**Problem details:** Word for word, restate every line of the material.

**Dataset entries:**
↓↓↓

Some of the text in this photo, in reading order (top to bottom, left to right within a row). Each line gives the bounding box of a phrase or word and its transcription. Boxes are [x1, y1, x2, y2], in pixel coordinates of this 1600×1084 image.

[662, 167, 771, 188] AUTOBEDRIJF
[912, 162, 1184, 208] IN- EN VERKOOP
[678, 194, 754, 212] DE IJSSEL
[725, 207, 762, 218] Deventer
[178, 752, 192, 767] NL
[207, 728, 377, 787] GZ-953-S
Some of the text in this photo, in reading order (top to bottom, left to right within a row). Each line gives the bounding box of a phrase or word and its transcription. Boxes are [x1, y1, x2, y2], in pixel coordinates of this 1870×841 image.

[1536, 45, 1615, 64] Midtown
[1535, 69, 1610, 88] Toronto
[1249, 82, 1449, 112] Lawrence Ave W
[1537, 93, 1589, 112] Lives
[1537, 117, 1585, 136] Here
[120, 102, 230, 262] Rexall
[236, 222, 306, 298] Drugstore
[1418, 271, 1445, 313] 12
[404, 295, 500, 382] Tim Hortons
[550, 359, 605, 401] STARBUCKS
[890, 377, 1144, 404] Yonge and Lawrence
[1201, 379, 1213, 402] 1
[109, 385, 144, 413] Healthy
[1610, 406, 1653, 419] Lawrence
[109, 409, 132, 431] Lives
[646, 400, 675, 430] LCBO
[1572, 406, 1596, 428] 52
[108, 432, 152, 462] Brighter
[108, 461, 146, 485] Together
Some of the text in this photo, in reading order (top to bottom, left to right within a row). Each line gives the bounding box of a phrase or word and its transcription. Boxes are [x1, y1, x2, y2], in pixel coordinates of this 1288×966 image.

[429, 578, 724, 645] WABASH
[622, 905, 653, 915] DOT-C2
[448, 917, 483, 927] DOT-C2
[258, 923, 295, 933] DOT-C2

↑↑↑

**Worked solution:**
Some of the text in this photo, in reading order (top to bottom, left to right within a row). Each line gives the bounding box of a phrase or word and its transcription. Boxes are [x1, y1, x2, y2], in pixel coordinates of this 1600×1084 image.

[662, 167, 771, 188] AUTOBEDRIJF
[912, 162, 1184, 208] IN- EN VERKOOP
[678, 194, 754, 212] DE IJSSEL
[725, 207, 762, 218] Deventer
[178, 752, 192, 767] NL
[207, 728, 377, 787] GZ-953-S
Some of the text in this photo, in reading order (top to bottom, left to right within a row). Each line gives the bounding box of a phrase or word and its transcription. Boxes are [x1, y1, x2, y2], in pixel coordinates of this 1870×841 image.

[1536, 45, 1615, 64] Midtown
[1535, 69, 1610, 88] Toronto
[1249, 82, 1449, 112] Lawrence Ave W
[1537, 93, 1589, 112] Lives
[1537, 117, 1585, 136] Here
[120, 102, 230, 262] Rexall
[236, 222, 306, 298] Drugstore
[1418, 271, 1445, 313] 12
[404, 295, 500, 382] Tim Hortons
[550, 359, 605, 401] STARBUCKS
[890, 377, 1144, 404] Yonge and Lawrence
[1201, 379, 1213, 402] 1
[109, 385, 144, 413] Healthy
[1610, 406, 1653, 419] Lawrence
[109, 409, 132, 431] Lives
[646, 400, 675, 430] LCBO
[1572, 406, 1596, 428] 52
[108, 432, 152, 462] Brighter
[108, 461, 146, 485] Together
Some of the text in this photo, in reading order (top to bottom, left to right within a row). Each line gives the bounding box of a phrase or word and its transcription. Boxes are [x1, y1, x2, y2], in pixel coordinates of this 1288×966 image.

[429, 578, 724, 645] WABASH
[622, 905, 653, 915] DOT-C2
[448, 917, 483, 927] DOT-C2
[258, 923, 295, 933] DOT-C2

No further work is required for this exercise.